Three years after receiving a clean bill of health from the Environmental Protection Agency, owners of the former Aviza property are looking to rezone the 43-acre parcel from industrial to residential.
The matter is scheduled to be heard at 6 P.M., Thursday, June 13 in the Scotts Valley City Council Chambers. If approved, the issue will be taken up by the city council. The move would entail amending the city’s general plan. However, rezoning is only a part of the battle for Joe Appenrodt, an Aptos developer who is spearheading the effort to rezone the land from industrial to residential.
Under federal law, residential land must be purer than industrial land, so the EPA will have to come in again and remove toxic waste.
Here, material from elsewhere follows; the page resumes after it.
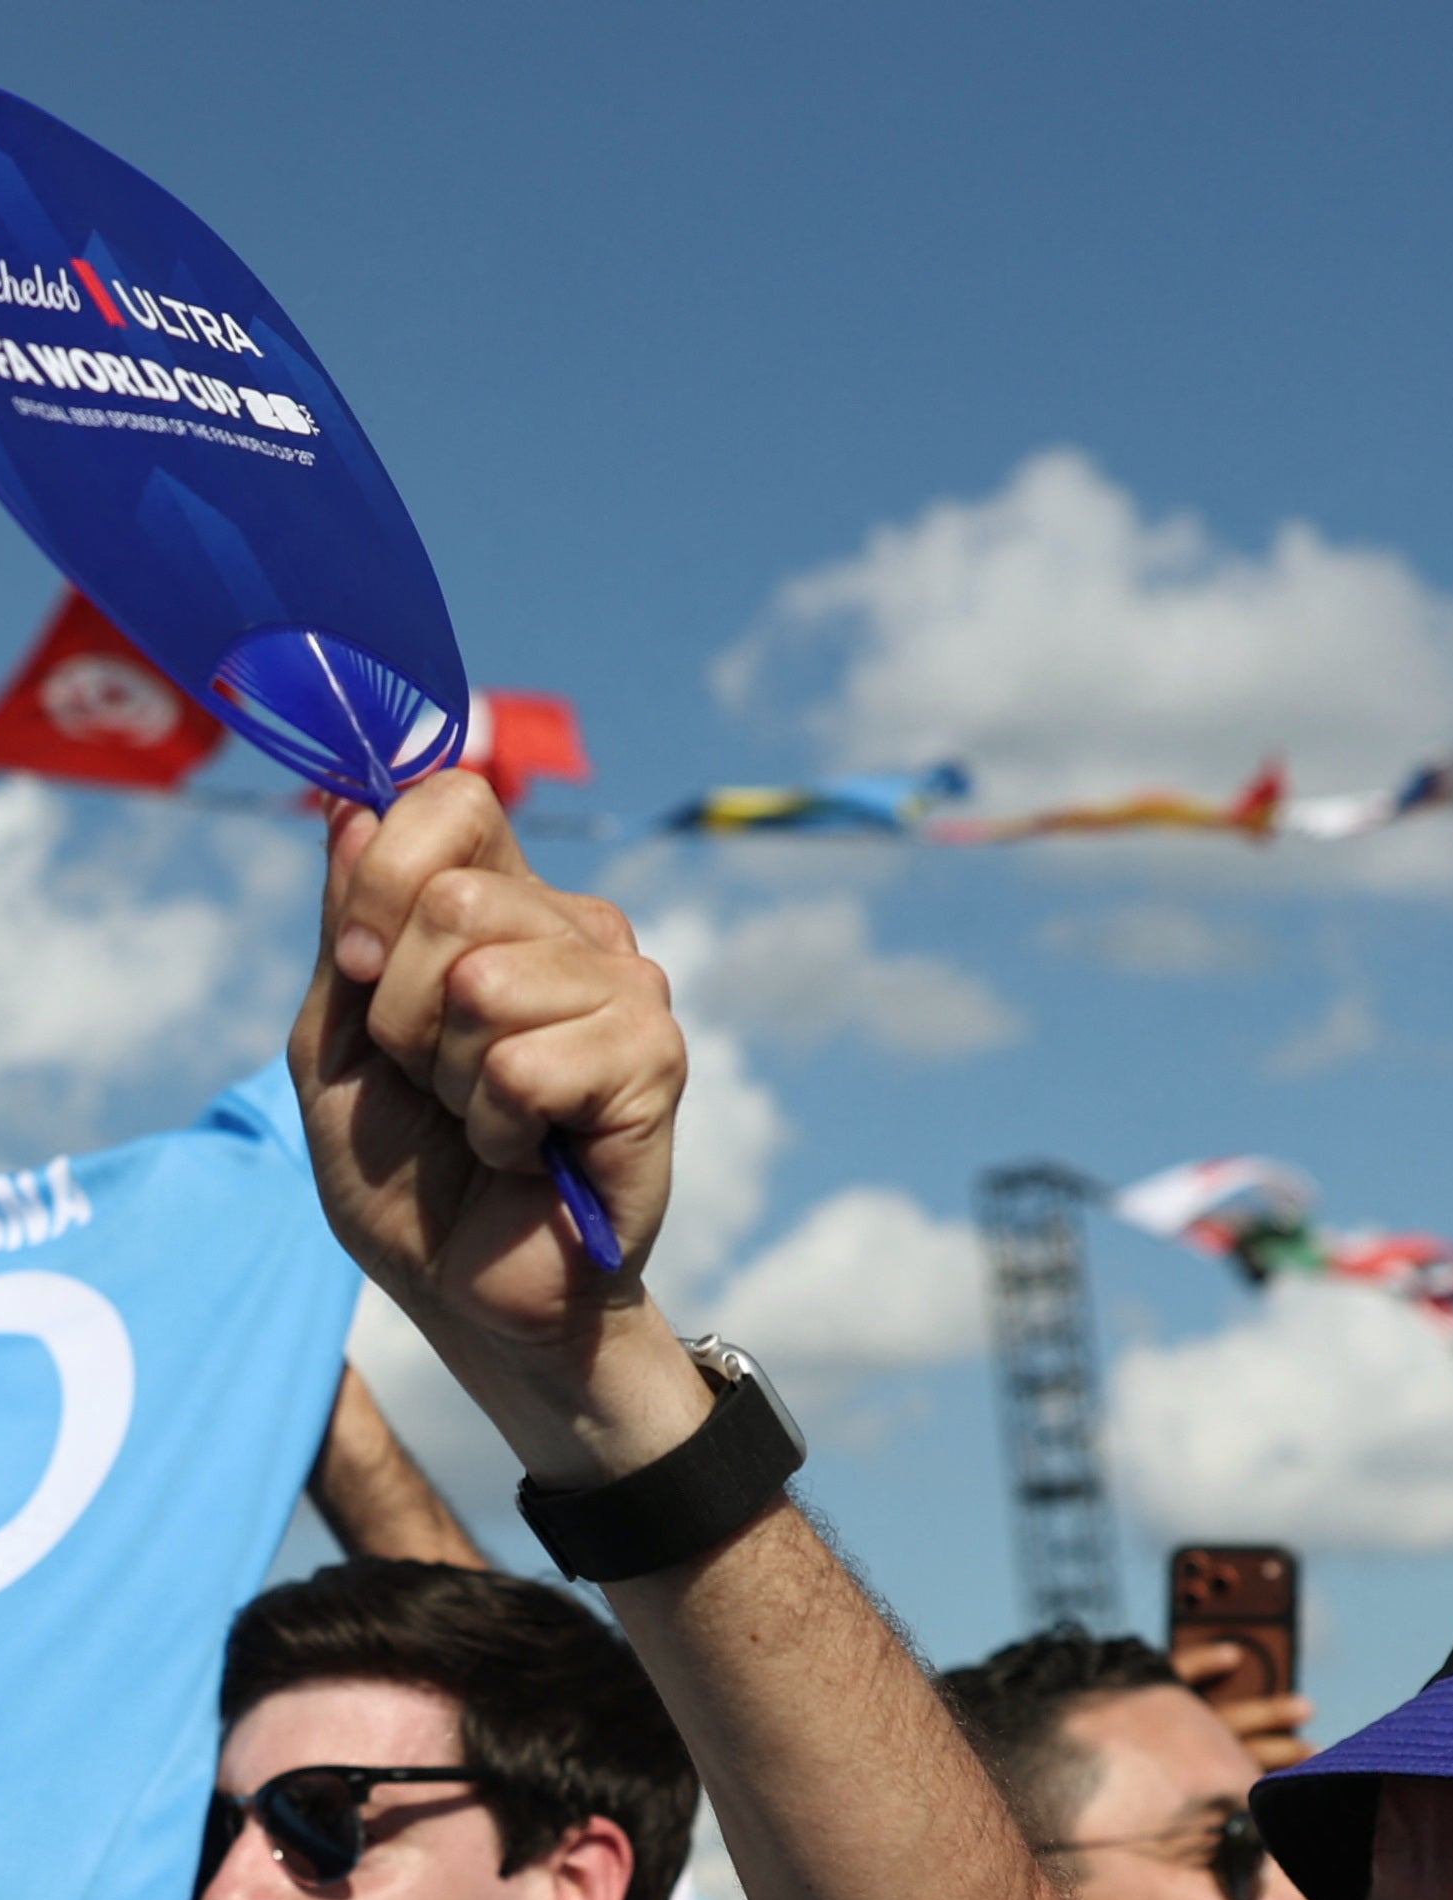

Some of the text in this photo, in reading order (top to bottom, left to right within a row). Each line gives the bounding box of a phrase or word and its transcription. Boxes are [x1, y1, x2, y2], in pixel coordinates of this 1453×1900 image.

[112, 279, 264, 358] ULTRA
[26, 342, 180, 402] WORLD
[173, 367, 242, 419] CUP
“It will be the cleanest site in town,” said Appenrodt, speaking before an Aviza presentation given Thursday before residents of Montevalle Mobile Home Park, which is located directly above the proposed rezoning. “Finally after six years we’re going to the planning commission.”
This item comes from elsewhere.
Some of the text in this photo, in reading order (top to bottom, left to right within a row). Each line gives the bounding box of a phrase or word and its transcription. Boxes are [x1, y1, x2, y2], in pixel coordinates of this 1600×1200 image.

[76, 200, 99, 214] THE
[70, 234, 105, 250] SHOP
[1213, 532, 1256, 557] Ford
The land is located at 440 Kings Village Road across the street from Skypark. The parcel sits in a ravine near Bean Creek and is mostly hidden from public view by a chain-link fence that requires a security-access code. Aviza once employed 800 people in the nine buildings that occupied 200,000 square feet. The company manufactured equipment for the semiconductor industry and declared bankruptcy in 2009. A handful of businesses currently lease portions of the building.
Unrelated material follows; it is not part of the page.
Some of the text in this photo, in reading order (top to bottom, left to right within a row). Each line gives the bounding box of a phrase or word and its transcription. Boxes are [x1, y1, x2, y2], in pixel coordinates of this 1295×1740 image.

The origin of toxic waste was identified as coming from high-tech giant Watkins-Johnson when it occupied the complex in the early 1980s.
“Super Fund” cleanup activity took more than three decades to complete after being identified in 1984. If rezoning is approved there is still considerable work to be done.
“There is 186,000 square feet of manufacturing pollution that penetrates 55-feet deep,” said Sal Caruso, project designer, referring to additional waste that does not meet residential requirements.
Appenrodt pointed out that he has not filed a specific plan for the area, although the number of houses that can be built on the land is capped at 84, according to city regulations. The majority of the acreage will be left as protected open space.
The developers point out that residential zoning would be a benefit to local residents because of decreased impacts on the environment.